Return every record verbatim, omitting all pictures.

[Task inputs Boundary: Start]

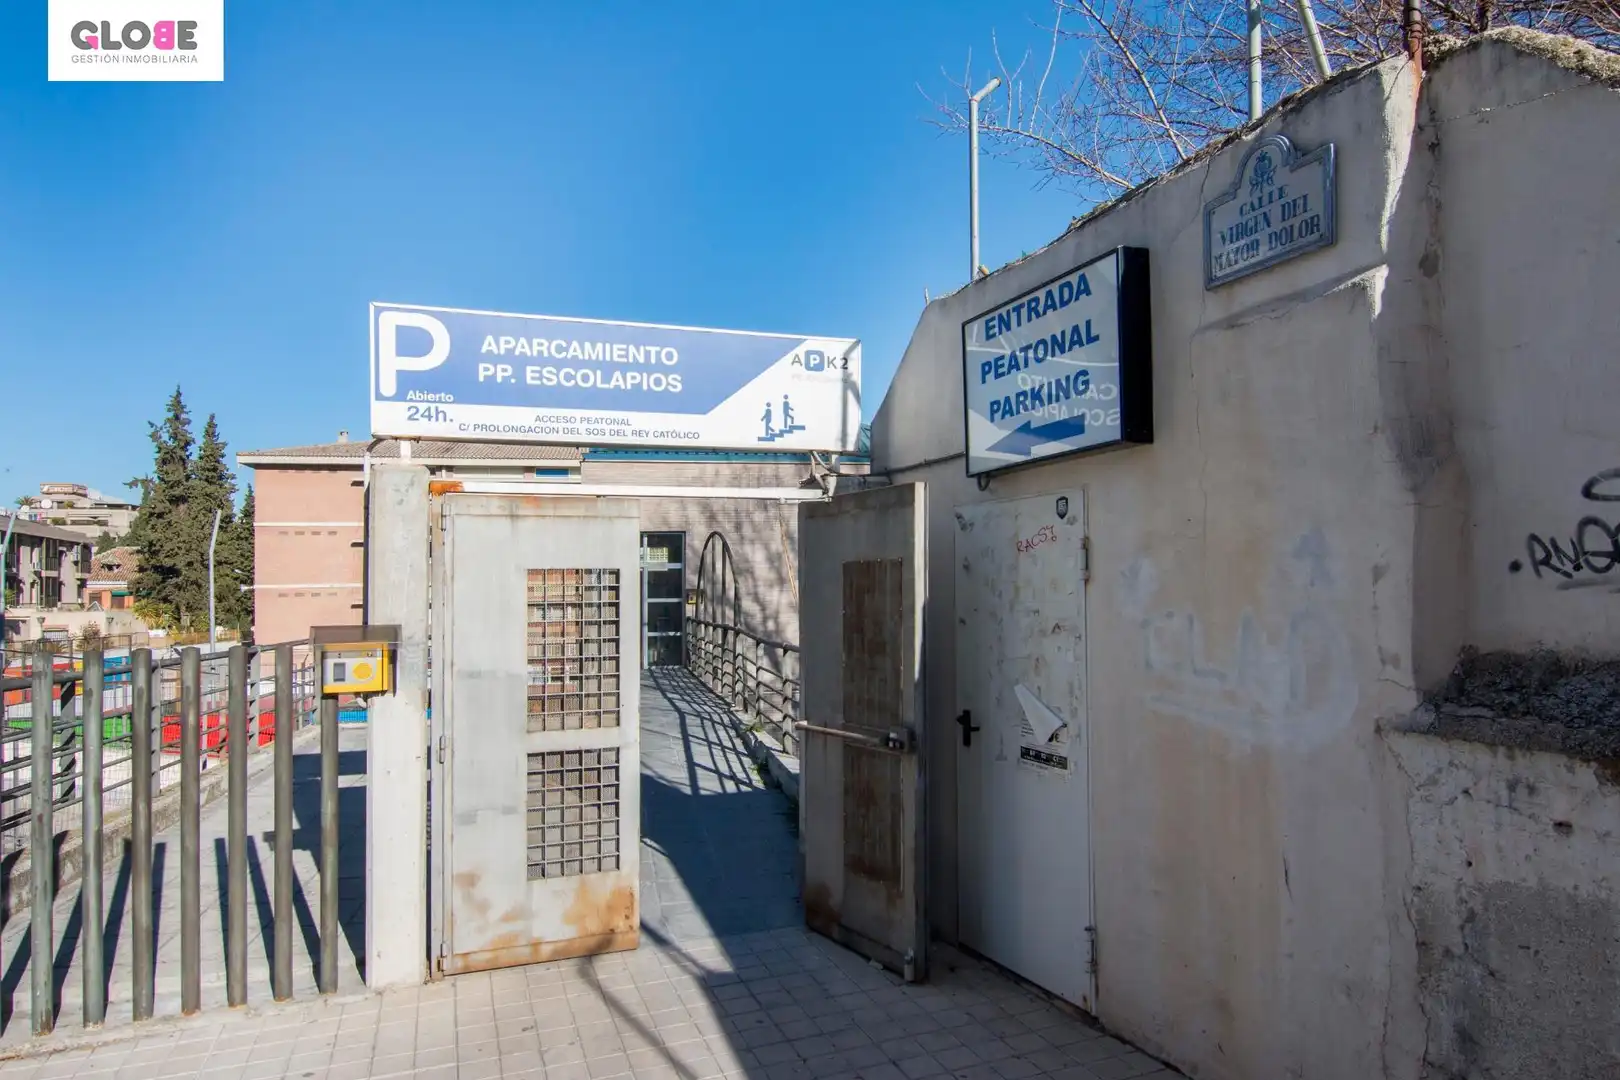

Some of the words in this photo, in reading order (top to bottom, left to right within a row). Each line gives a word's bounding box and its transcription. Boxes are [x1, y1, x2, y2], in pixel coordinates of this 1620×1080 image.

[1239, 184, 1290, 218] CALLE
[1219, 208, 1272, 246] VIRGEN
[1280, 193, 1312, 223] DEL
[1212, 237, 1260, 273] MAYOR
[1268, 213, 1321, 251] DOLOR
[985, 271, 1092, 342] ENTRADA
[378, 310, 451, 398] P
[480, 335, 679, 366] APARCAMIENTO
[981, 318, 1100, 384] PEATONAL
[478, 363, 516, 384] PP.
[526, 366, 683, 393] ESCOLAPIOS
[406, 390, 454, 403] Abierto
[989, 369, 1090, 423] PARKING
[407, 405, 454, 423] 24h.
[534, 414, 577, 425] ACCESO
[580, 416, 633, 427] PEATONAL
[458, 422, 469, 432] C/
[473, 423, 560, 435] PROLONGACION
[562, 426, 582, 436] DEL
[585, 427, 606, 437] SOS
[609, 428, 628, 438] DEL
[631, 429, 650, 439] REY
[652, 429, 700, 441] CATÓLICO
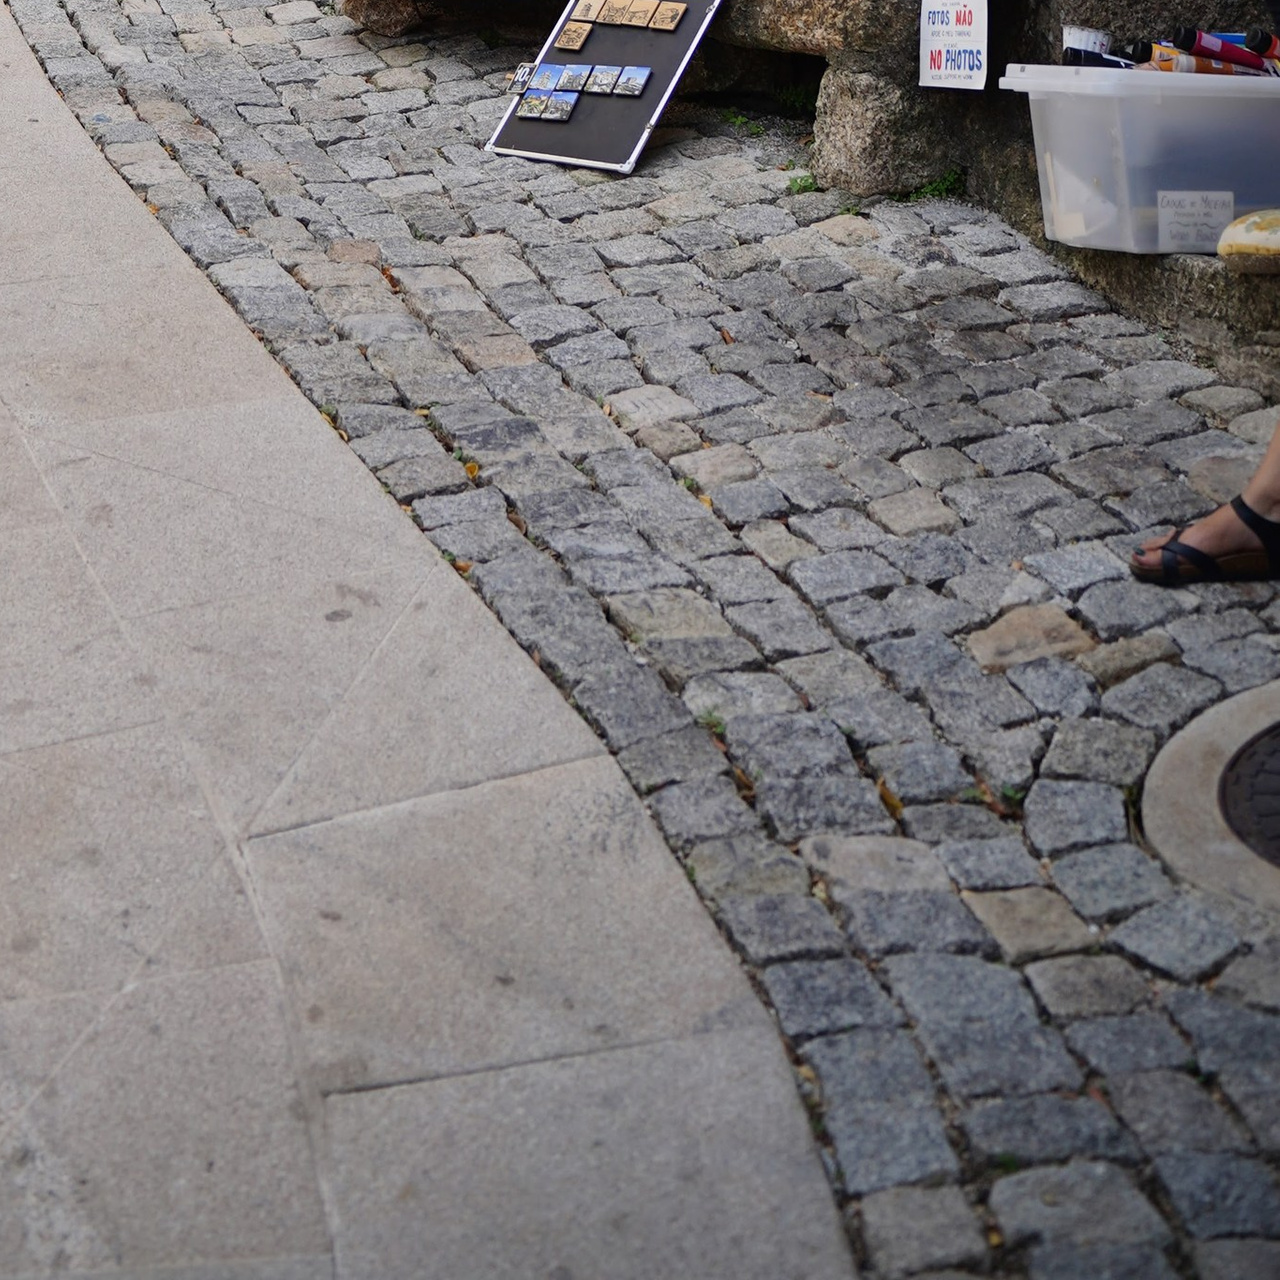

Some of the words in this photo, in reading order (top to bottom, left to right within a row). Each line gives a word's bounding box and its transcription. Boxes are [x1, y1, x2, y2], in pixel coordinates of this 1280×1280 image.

[Task inputs Boundary: End]

**Completed exercise**
Some of the words in this photo, in reading order (top to bottom, left to right within a row). Each line gives a word's bounding box and its transcription. Boxes are [x1, y1, x2, y2], in pixel coordinates of this 1620×1080 image.

[1239, 184, 1290, 218] CALLE
[1219, 208, 1272, 246] VIRGEN
[1280, 193, 1312, 223] DEL
[1212, 237, 1260, 273] MAYOR
[1268, 213, 1321, 251] DOLOR
[985, 271, 1092, 342] ENTRADA
[378, 310, 451, 398] P
[480, 335, 679, 366] APARCAMIENTO
[981, 318, 1100, 384] PEATONAL
[478, 363, 516, 384] PP.
[526, 366, 683, 393] ESCOLAPIOS
[406, 390, 454, 403] Abierto
[989, 369, 1090, 423] PARKING
[407, 405, 454, 423] 24h.
[534, 414, 577, 425] ACCESO
[580, 416, 633, 427] PEATONAL
[458, 422, 469, 432] C/
[473, 423, 560, 435] PROLONGACION
[562, 426, 582, 436] DEL
[585, 427, 606, 437] SOS
[609, 428, 628, 438] DEL
[631, 429, 650, 439] REY
[652, 429, 700, 441] CATÓLICO

Some of the words in this photo, in reading order (top to bottom, left to right within a row). Each line gives a word's bounding box and its transcription. Boxes are [x1, y1, x2, y2], in pixel coordinates of this 1280×1280 image.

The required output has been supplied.